Nuclear proteins that become part of the mitotic apparatus: A role in nuclear assembly?

Abstract

A structure located at the poles of the mitotic spindle is described, which may function as a centre for post-mitotic nuclear assembly. Evidence in support of this function is incomplete, but comes from two different kinds of experiments, which are reviewed here. First, fluorescence microscopy studies show that mitotic chromosomes at telophase or late anaphase are drawn into juxtaposition with this polar structure and second, the structure is made up in part of a non-histone chromosomal protein that in interphase cells can be detected only in the nucleus. Studies of this nuclear–mitotic apparatus protein (NuMA protein) are reported here. Monoclonal antibodies specific for the NuMA protein have been used in immunofluorescence studies to visualize the prenucleus-like polar structure and to identify the NuMA protein by immunoblotting after electrophoretic separation.
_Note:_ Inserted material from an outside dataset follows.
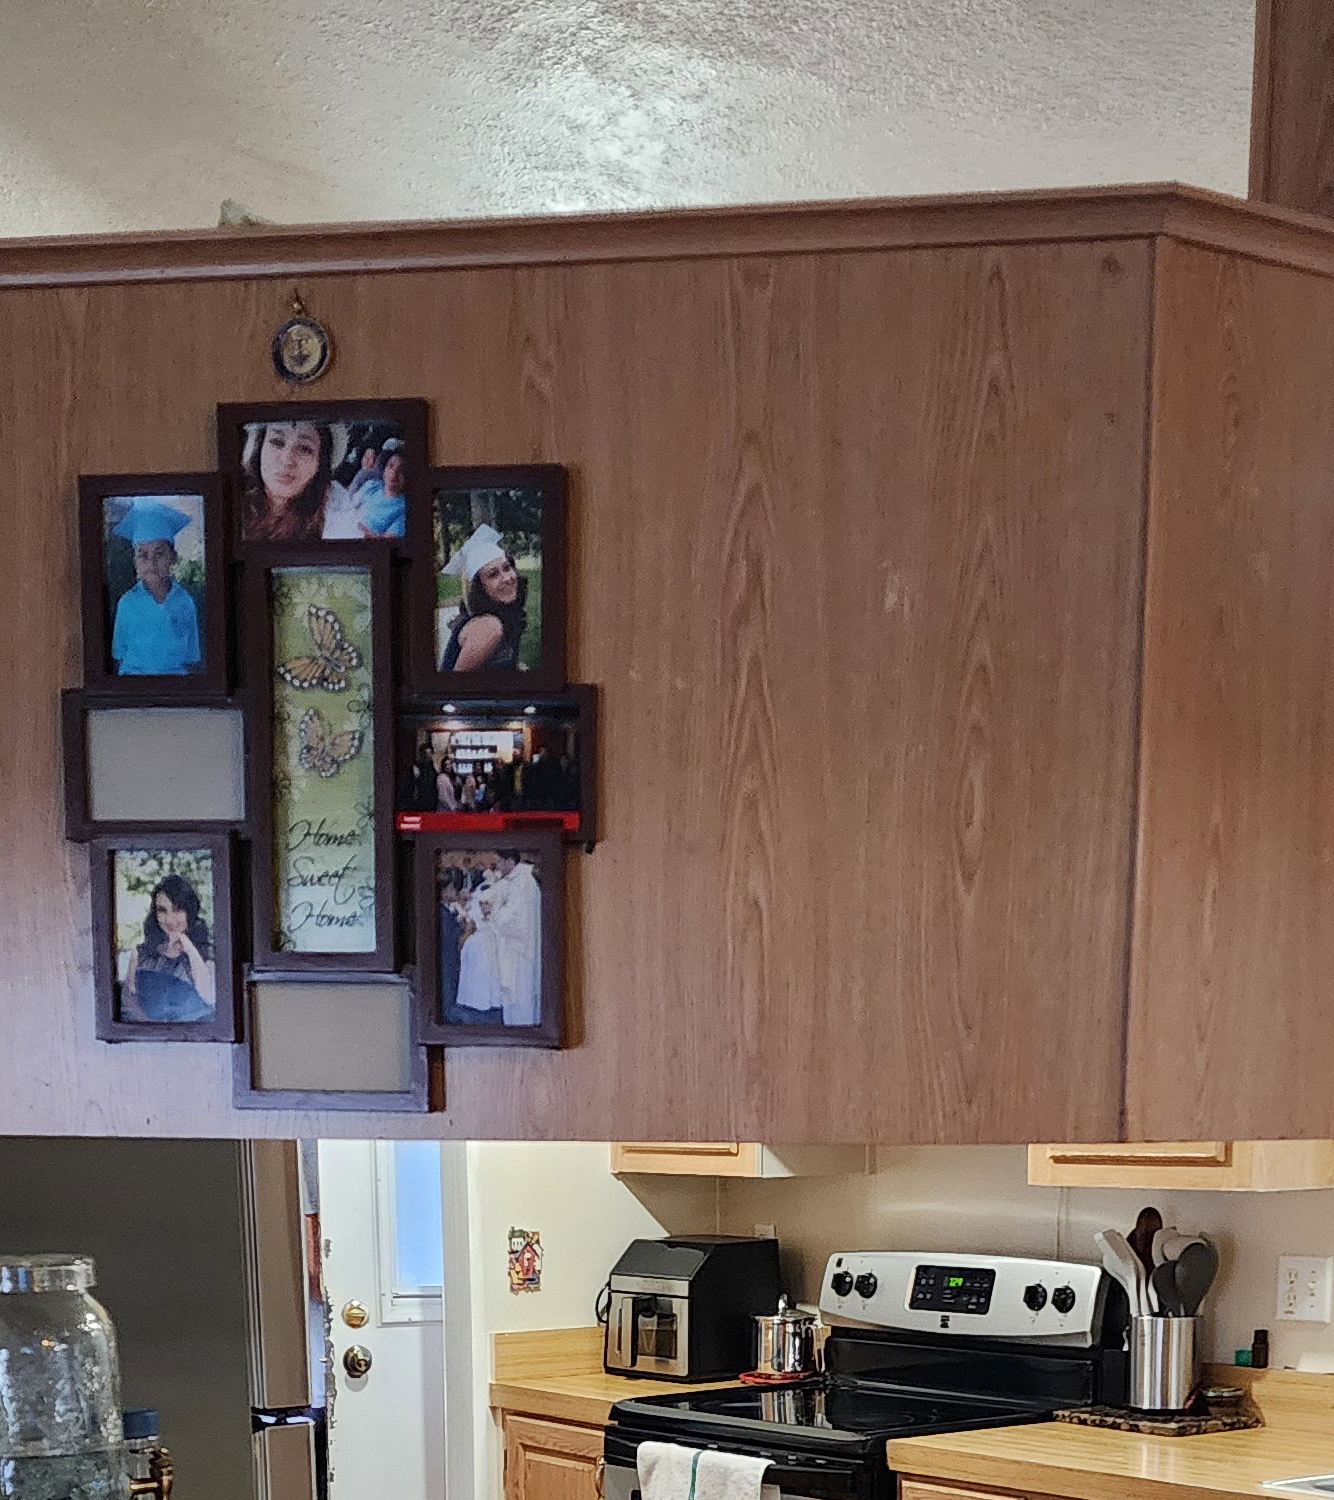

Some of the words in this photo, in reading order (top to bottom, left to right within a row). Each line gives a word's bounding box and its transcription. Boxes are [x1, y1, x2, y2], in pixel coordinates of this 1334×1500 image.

[286, 818, 360, 852] Home
[287, 854, 357, 905] Sweet
[287, 900, 361, 933] Home
The NuMA protein is a non-histone chromosomal protein of molecular weight 250 000 relative to standard protein molecular weight markers in sodium dodecyl sulphate/polyacrylamide gel electrophoresis. Experiments are described that indicate several difficulties in studying the possible affinity and association of NuMA protein with mitotic chromosomes. Metaphase chromosomes isolated by the polyamine procedure of Lewis and Laemmli have bound NuMA protein detectable by immunofluorescence or by immunoblotting, but measurements made at different stages of chromosome purification show that most of the NuMA protein is separated from the chromosomes using this purification procedure. Chromosomes purified from mixtures of human and Chinese hamster cells (the latter have none of the human form of NuMA recognized by a monoclonal antibody) have human NuMA protein bound to the hamster chromosomes. Results suggest that in cell extracts exchange reactions of NuMA protein can occur, which must be avoided in the study of its natural function.